Sean just graduated from high school and as he packs up his family home stops for a moment to share with the audience what he experienced growing up and how he got where he is today. Being the only child of two loving parents at a young age he thought he had it made. But as we all know sometimes life has a different plan for us. At the age of 11 Sean’s mother died from a brain tumor and his father immediately went into overdrive. He didn't want Sean’s life to be negatively affected, so whatever it took is what he was willing to give. But even at 11 years old when Sean’s mother got sick, while his parents lied to him it didn't change the fact that he saw all of the signs. When at 17 Sean started to again see the secrets in his father he confronted him, begging him to tell him the truth and not treat him like he was a child. But like the pin his father wore on his shirt to all of his soccer games, “world's best dad,” would never overload his son with adult problems. Often parents have the best intentions. Sometimes those intentions come with the beginning of family secrets, secrets they are keeping in order to keep their children safe. But as Sean watched his father deteriorate, his father never broke, never told him what it was. Luckily, his father taught him what he had experienced as a young boy playing soccer on a team full of men that became his brothers for life, he taught him to commit. Whatever it is that you do, do it at 100% all of the time.

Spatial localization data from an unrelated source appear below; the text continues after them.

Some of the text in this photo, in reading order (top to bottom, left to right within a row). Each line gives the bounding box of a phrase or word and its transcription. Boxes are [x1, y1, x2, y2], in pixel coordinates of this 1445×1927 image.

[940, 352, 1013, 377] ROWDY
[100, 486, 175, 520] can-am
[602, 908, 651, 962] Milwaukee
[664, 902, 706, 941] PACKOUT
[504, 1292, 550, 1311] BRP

That may be planting a garden like his mother, or being the most supportive father in the stands, whatever it is always show up and do it at 100%.
Commit
(Scene opens with SEAN, an eighteen-year-old young man sweeping, cleaning, moving around furniture. He sees a soccer ball, brings it out with his foot and starts to do some tricks, laughs.)

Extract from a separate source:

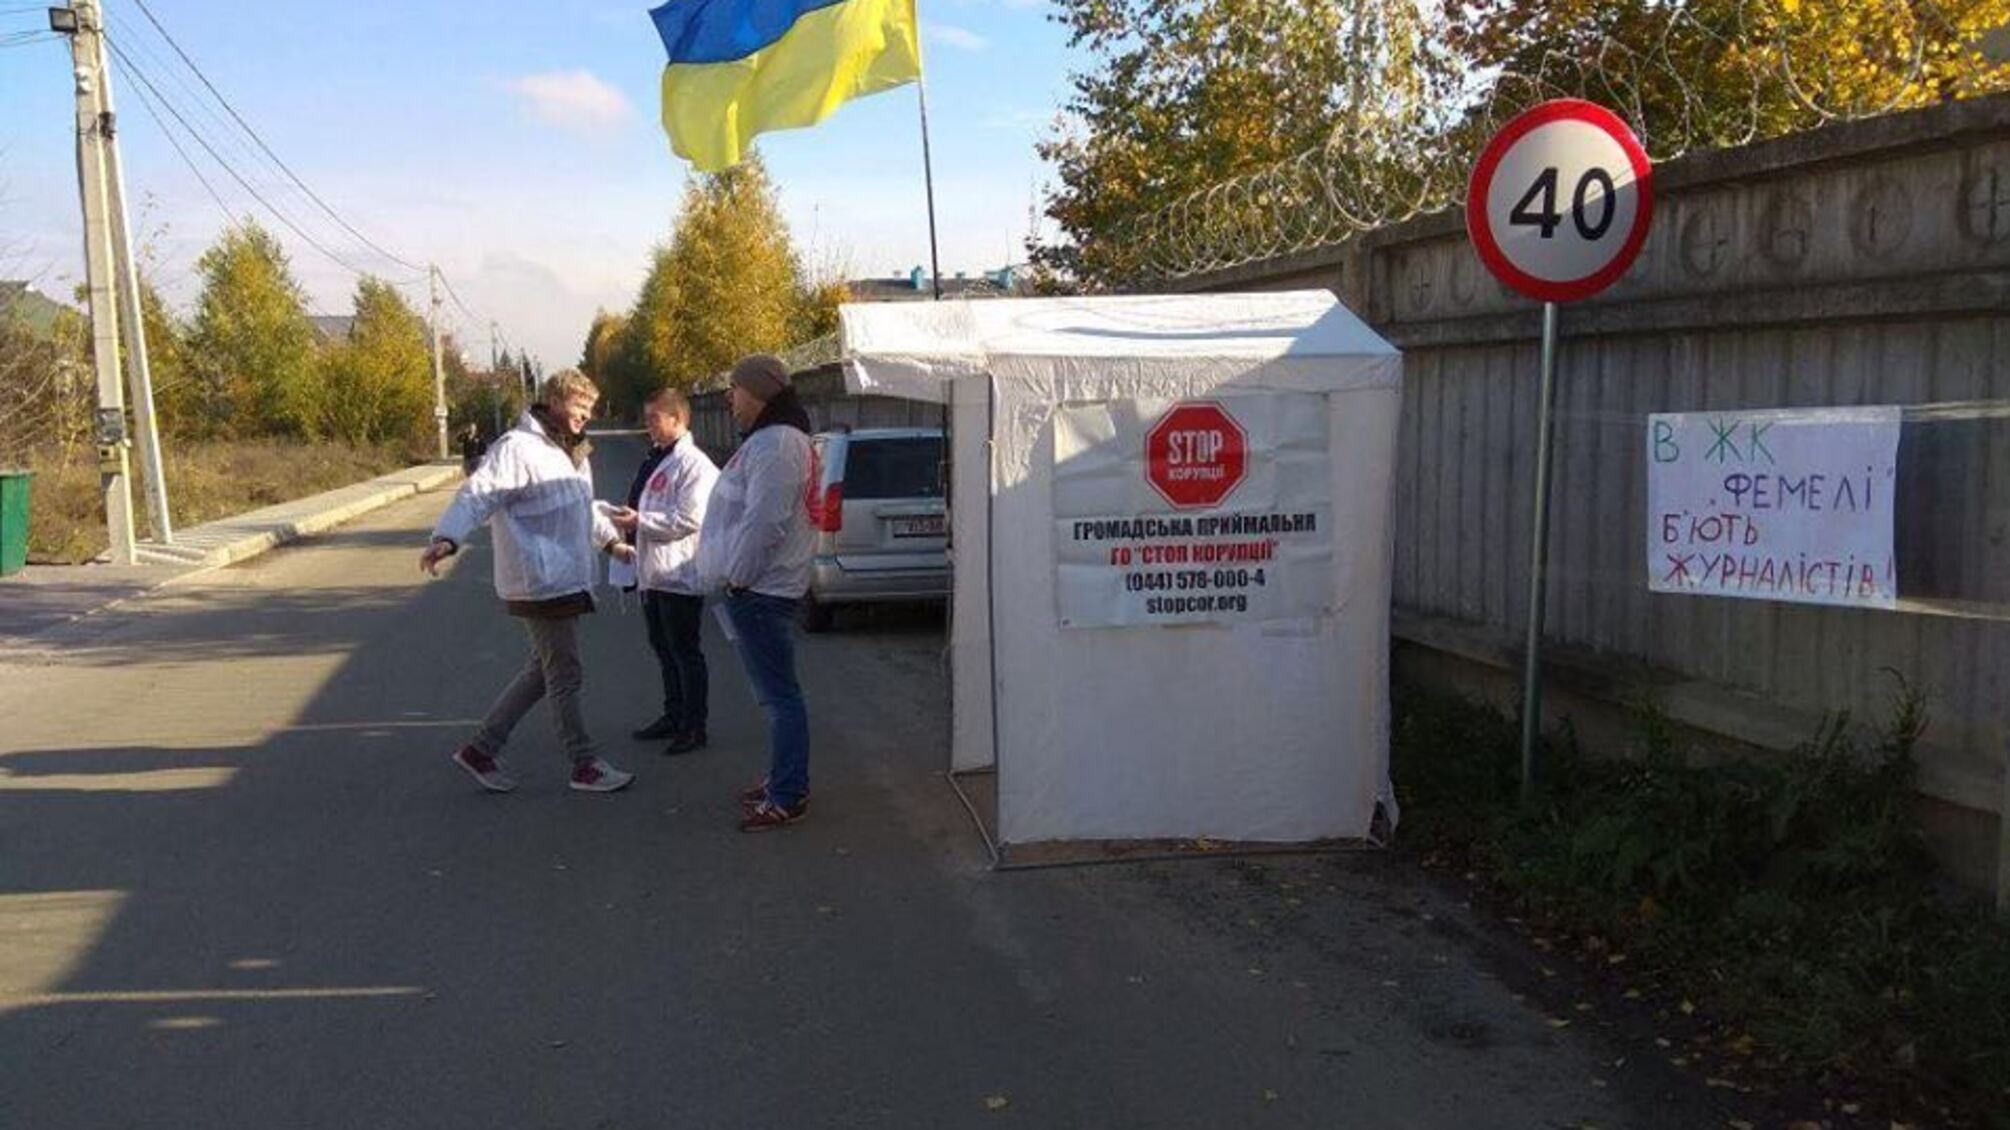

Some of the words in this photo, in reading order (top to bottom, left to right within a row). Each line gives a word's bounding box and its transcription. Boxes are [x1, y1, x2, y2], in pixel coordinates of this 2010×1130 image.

My dad loved soccer. When I say the man loved soccer, I mean he had the schedule for our favorite team posted on the refrigerator, the back of the front door to our house, another schedule was taped to the side of the television just in case we needed it in a pinch. He would even text me updates, call me and leave me messages or send me little cartoons representing our favorite players doing silly things. He said, “What makes sports so special and soccer specifically is that it brings you together with a group of people and you can start in kindergarten and stay with the same group all the way through high school.” That's exactly what I did, he experienced that and he wanted it for me as well. There's a picture on the wall in his bedroom of him and 11 guys that he played soccer with starting at the age of four all the way through high school graduation, it's wild to think that not only did he know someone for that long but he knew 11 people that long and they always stayed committed to each other. (beat) Commitment. Yeah, dad drilled commitment like it was the eleventh commandment. (smile) When he met mom, he thought that was going to be his greatest commitment… then they had me. Dad never wavered on commitment, on being a great husband and excelling at being the Worst Best Dad. (laughs) I even got him that as a pin to wear on his jacket when I was like five (beat) he’d still wear it on my game days, pat his chest where it lived from the stands so I would know he loved me… can’t put my finger on the shift, the moment, the reason… life- like the wind just shifts sometimes.